> Directions for this task:
No pictures belong in the copy. Reproduce exactly the lines beginning at the line containing "this 1360×1536 image." and continuing to the end of the entries below.

> Records supplied:
━━━━━━━━━━━━━━━━
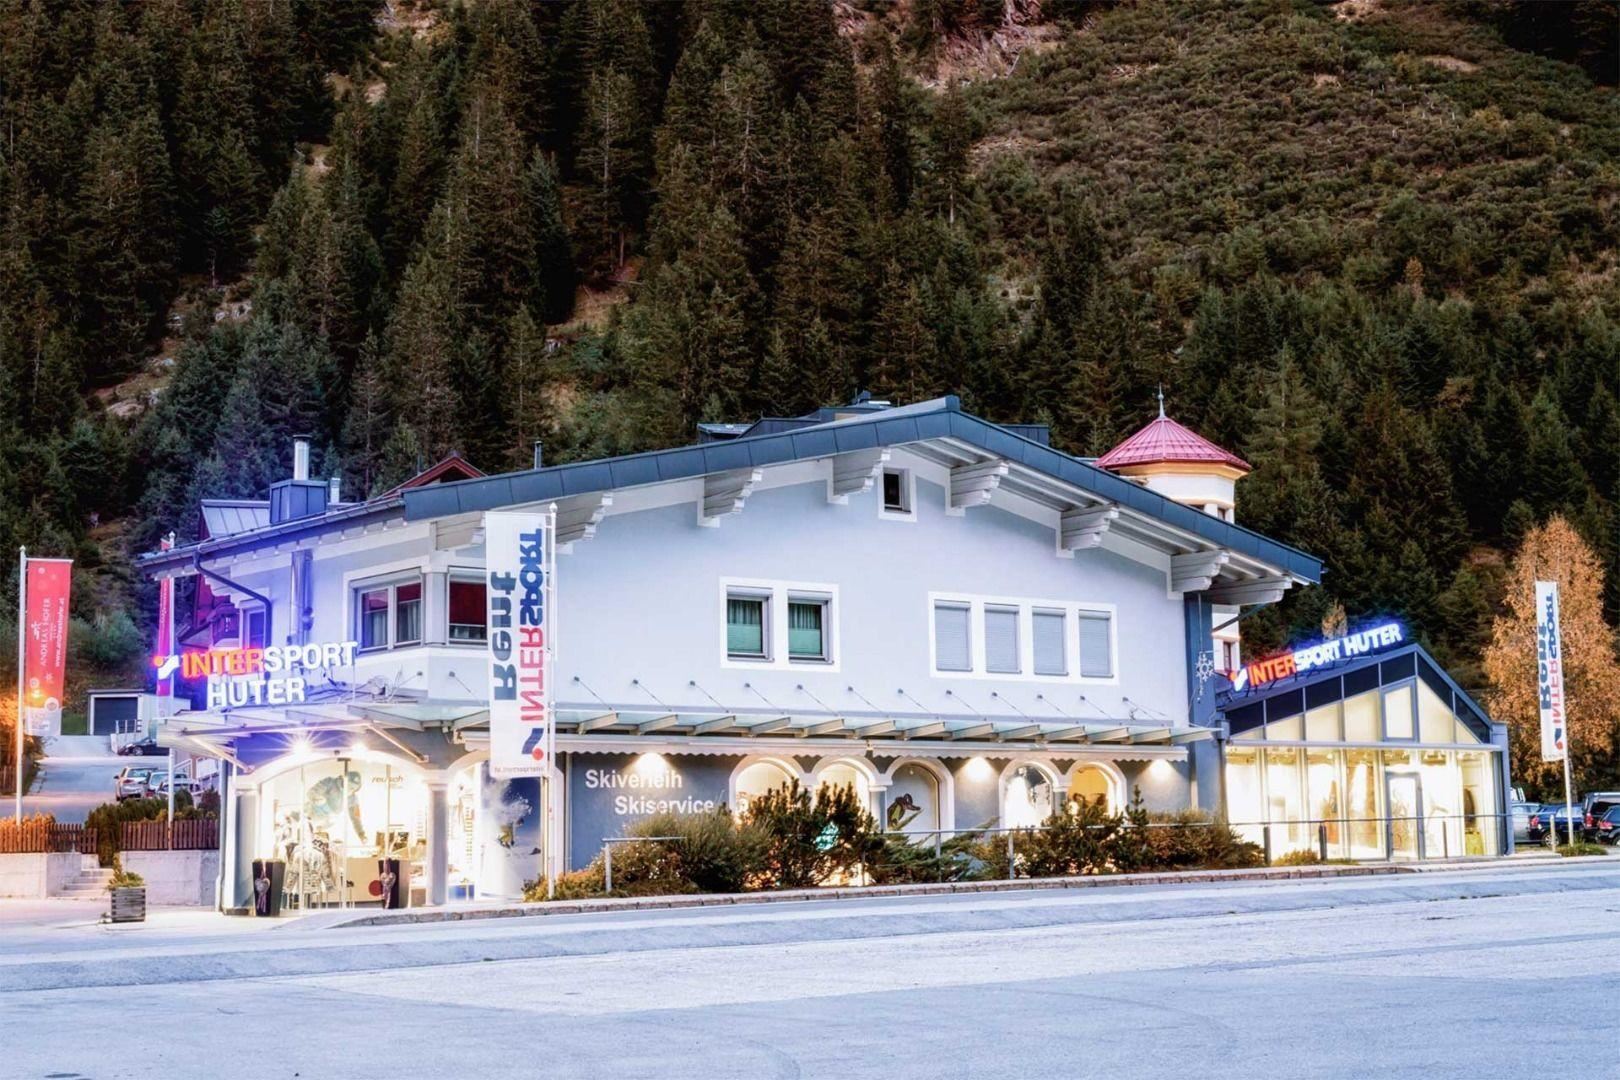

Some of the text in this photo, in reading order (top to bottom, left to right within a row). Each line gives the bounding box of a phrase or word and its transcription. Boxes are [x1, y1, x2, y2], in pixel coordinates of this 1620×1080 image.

[183, 642, 358, 678] INTERSPORT
[1250, 623, 1402, 686] INTERSPORT HUTER
[207, 677, 305, 708] HUTER
[614, 796, 714, 815] Skiservice
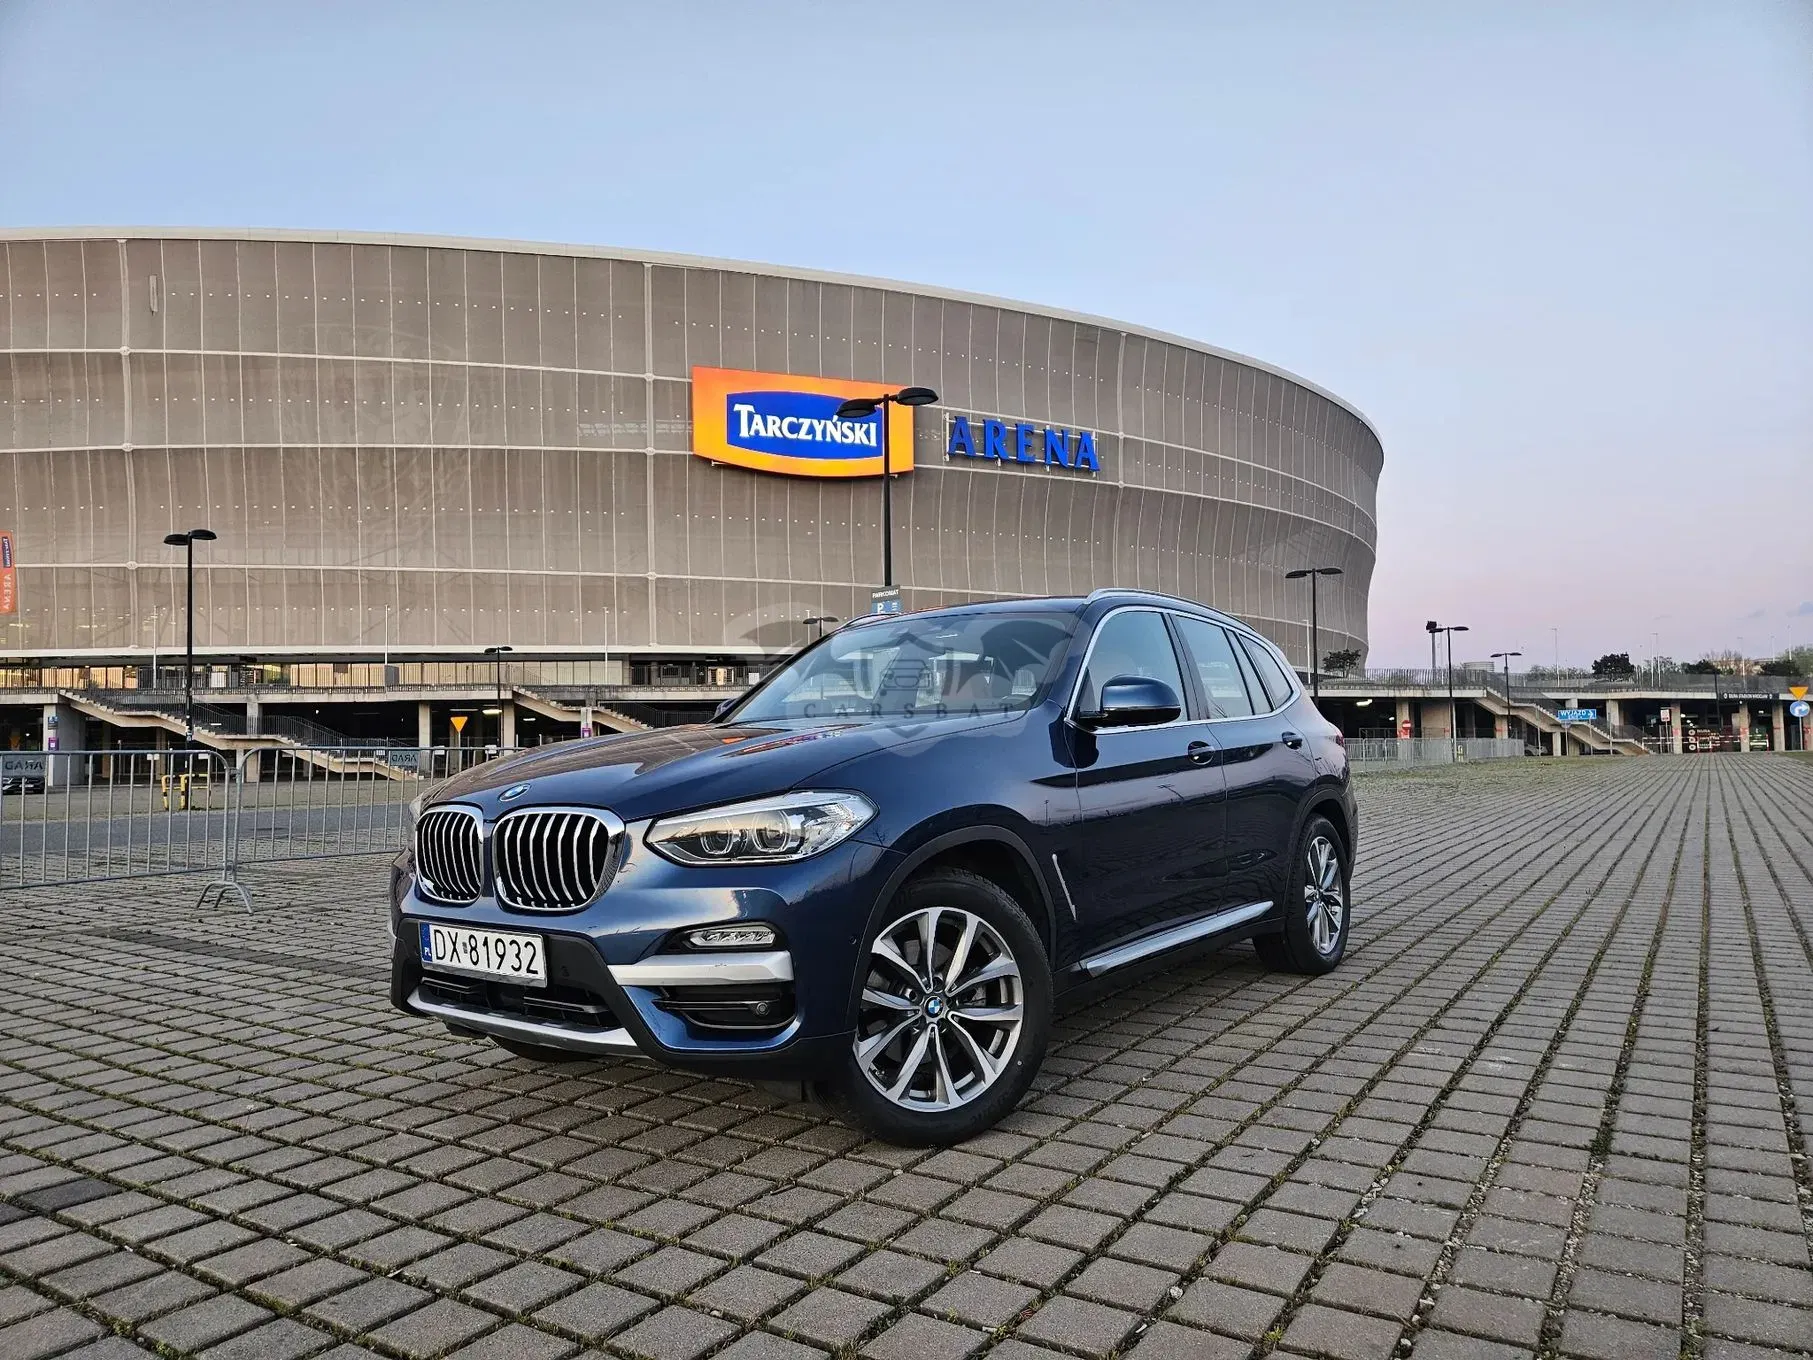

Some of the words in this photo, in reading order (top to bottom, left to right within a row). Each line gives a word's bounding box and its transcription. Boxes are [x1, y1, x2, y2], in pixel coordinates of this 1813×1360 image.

[733, 403, 877, 447] TARCZYŃSKI
[948, 415, 1100, 472] ARENA
[872, 589, 899, 598] PARKOMAT
[424, 946, 432, 957] PL
[433, 929, 461, 963] DX
[468, 934, 539, 975] 81932
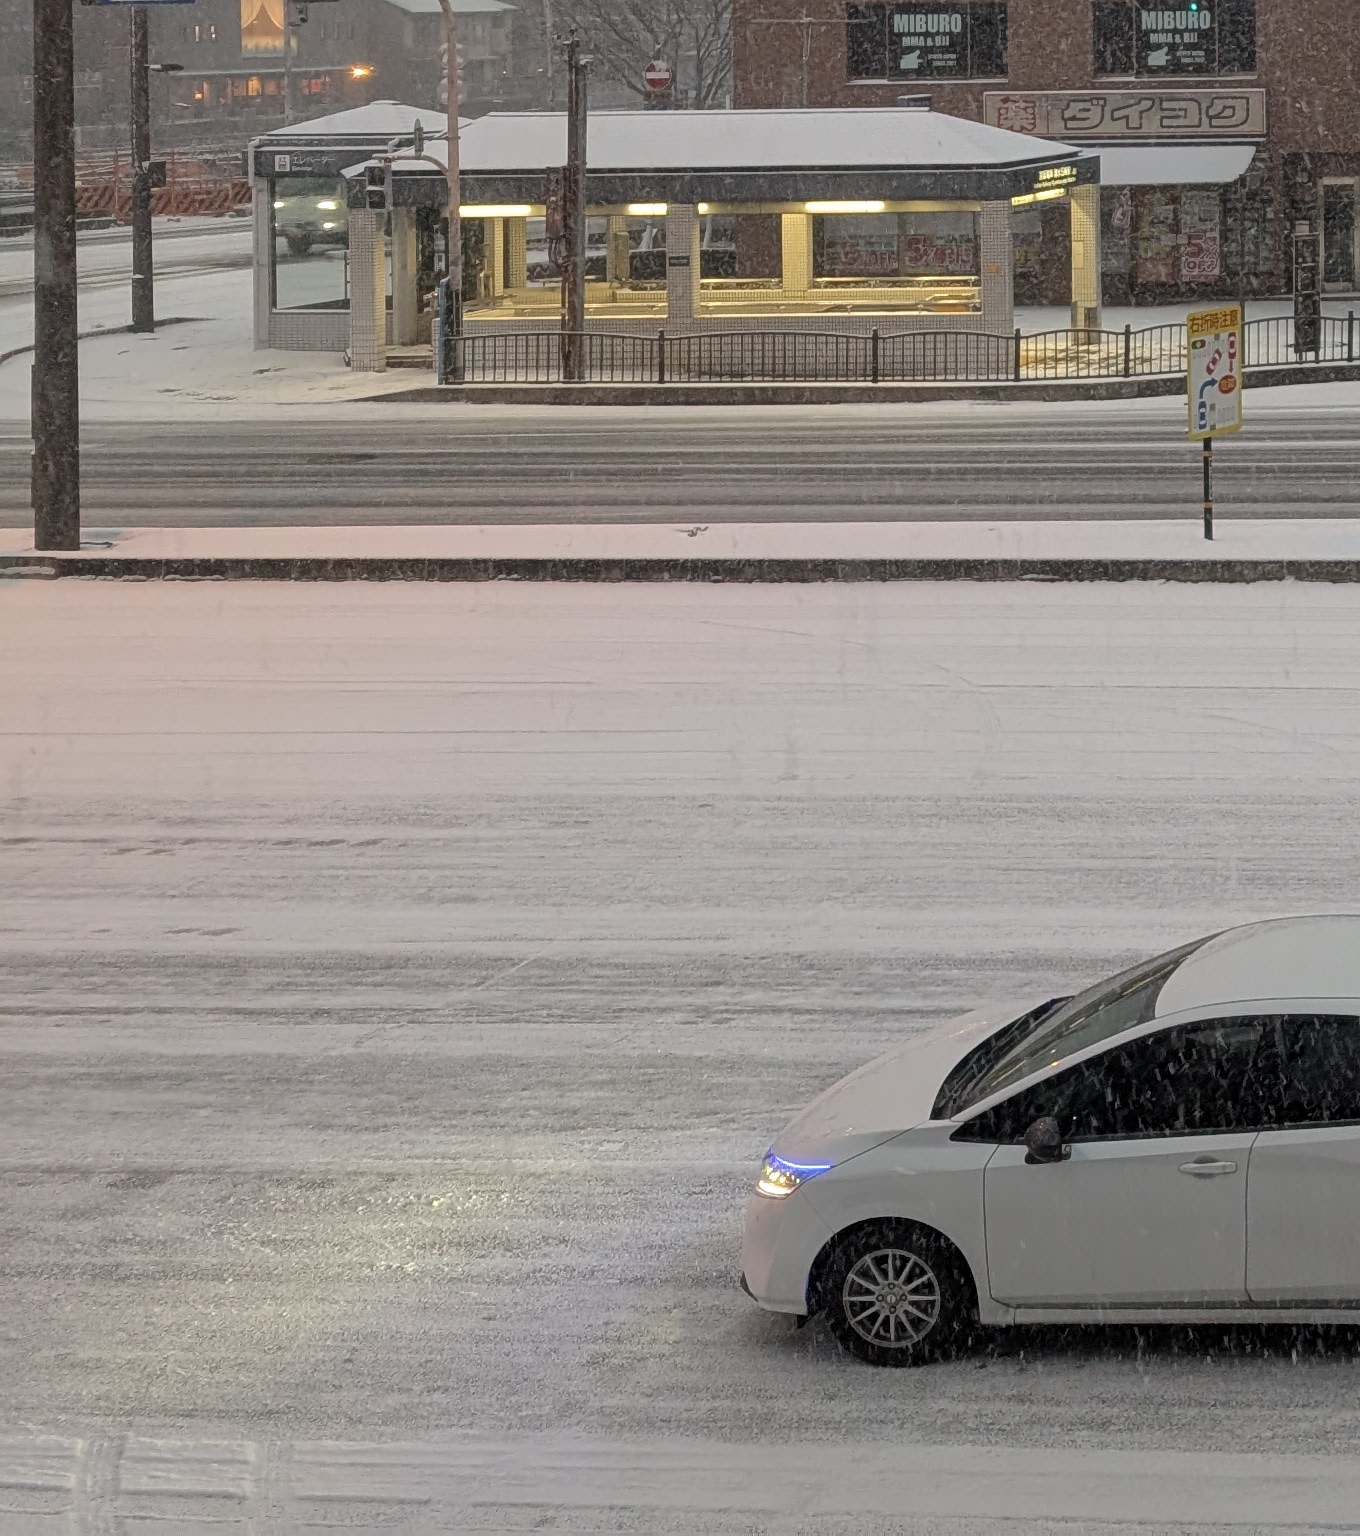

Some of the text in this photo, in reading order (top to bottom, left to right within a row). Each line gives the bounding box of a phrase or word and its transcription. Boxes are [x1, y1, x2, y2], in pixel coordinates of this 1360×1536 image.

[893, 13, 962, 33] MIBURO
[1141, 10, 1211, 30] MIBURO
[902, 35, 925, 47] MMA
[1149, 32, 1173, 44] MMA
[997, 96, 1250, 132] 薬 ダイコク
[293, 156, 336, 165] エレベーター
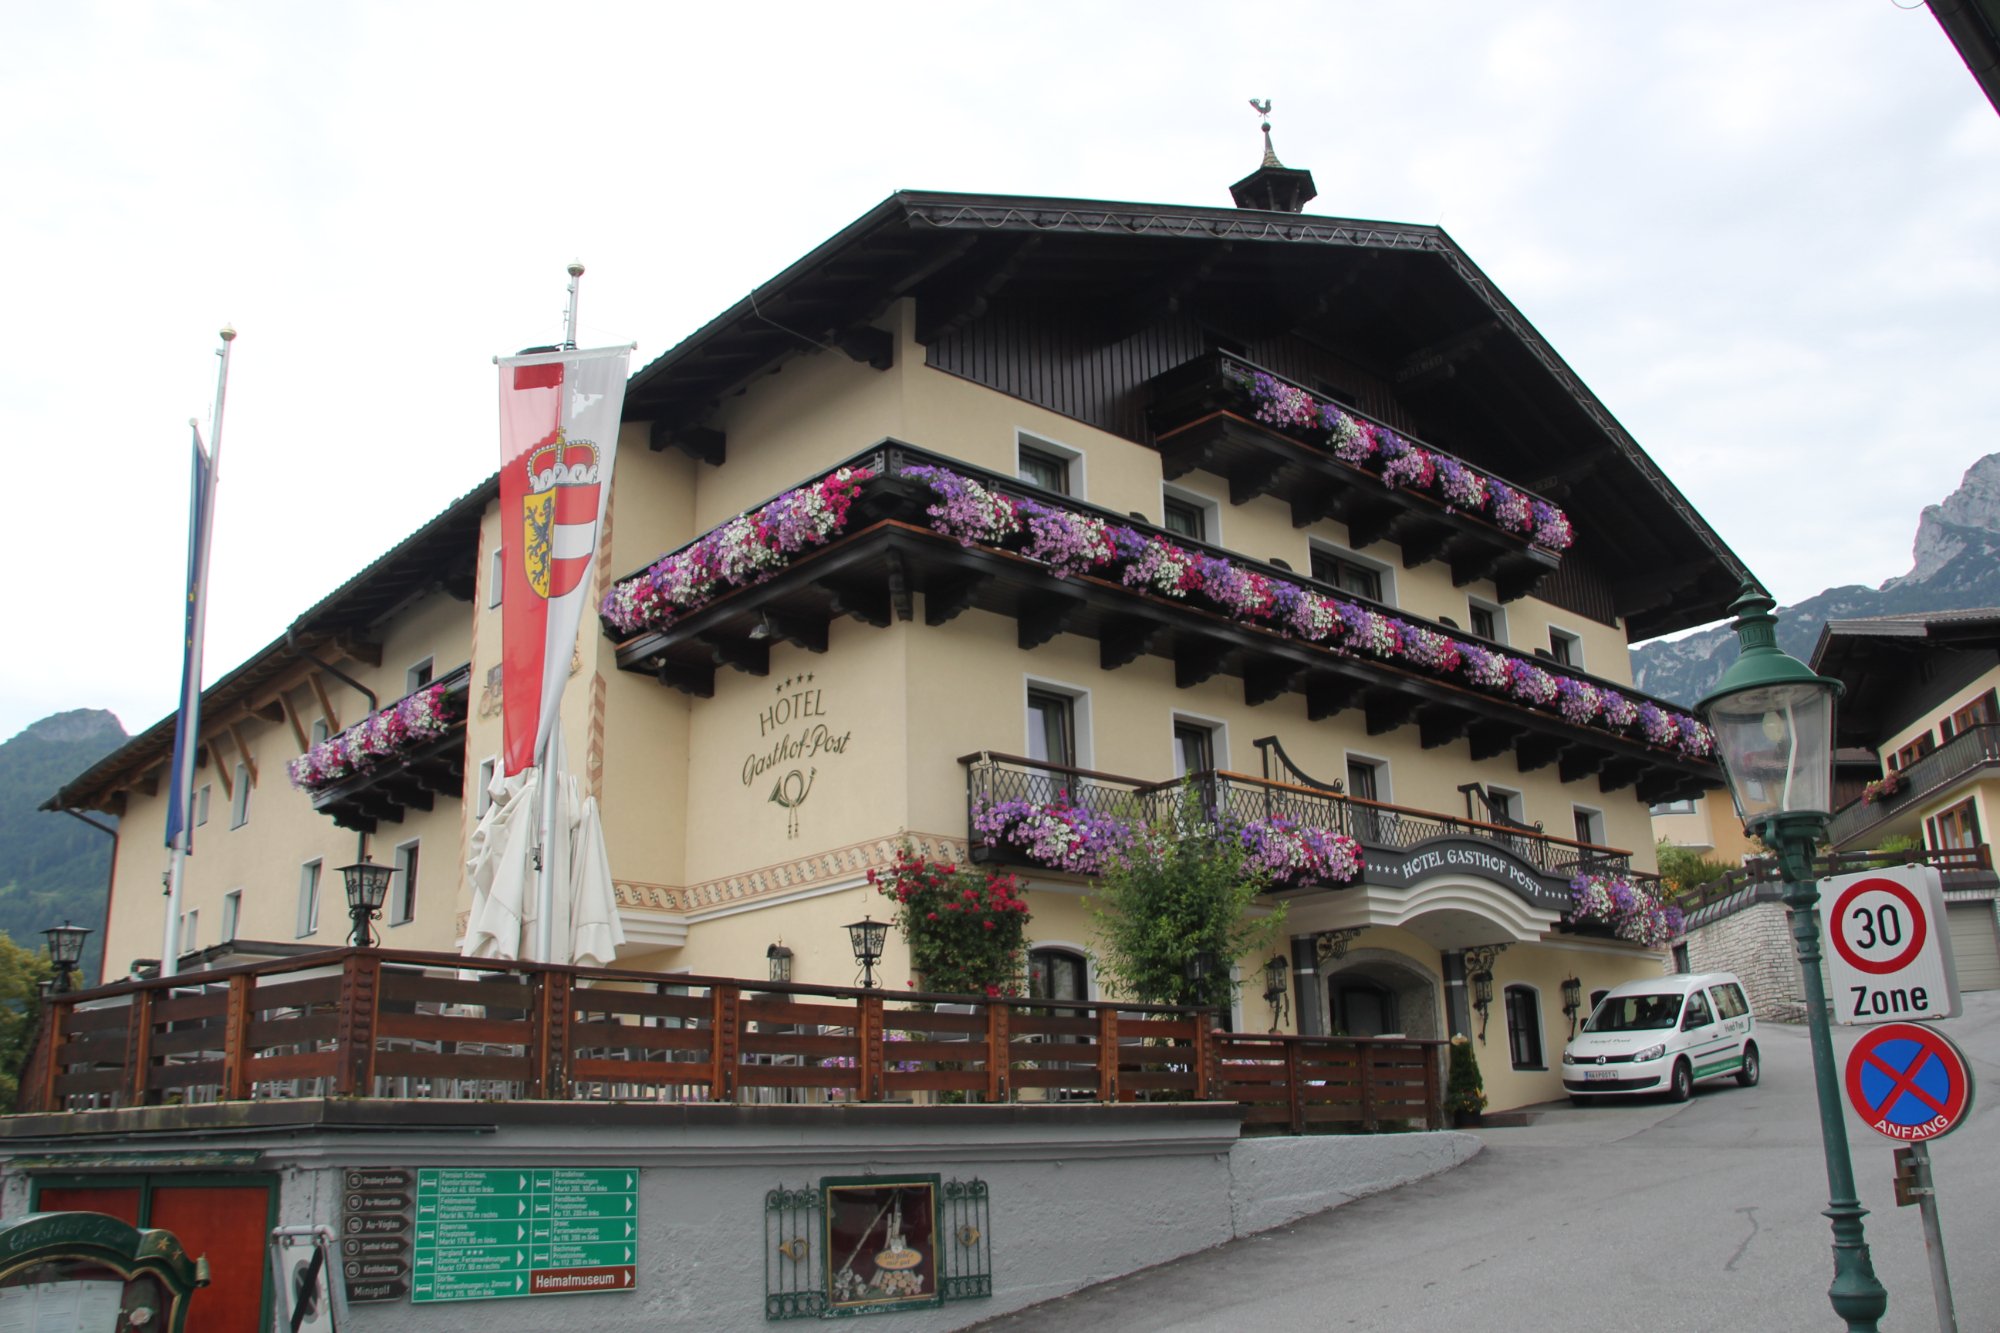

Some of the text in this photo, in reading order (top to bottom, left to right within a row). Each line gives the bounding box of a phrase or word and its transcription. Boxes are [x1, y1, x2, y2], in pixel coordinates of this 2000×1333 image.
━━━━━━━━━━━━━━━━
> Expected output:
Some of the text in this photo, in reading order (top to bottom, left to right within a row). Each line gives the bounding box of a phrase or word and its transcription. Boxes are [x1, y1, x2, y2], in pixel coordinates of this 1360×1536 image.

[893, 13, 962, 33] MIBURO
[1141, 10, 1211, 30] MIBURO
[902, 35, 925, 47] MMA
[1149, 32, 1173, 44] MMA
[997, 96, 1250, 132] 薬 ダイコク
[293, 156, 336, 165] エレベーター

Some of the text in this photo, in reading order (top to bottom, left to right within a row). Each line gives the bounding box of a phrase or word and its transcription. Boxes are [x1, y1, x2, y2], in pixel coordinates of this 2000×1333 image.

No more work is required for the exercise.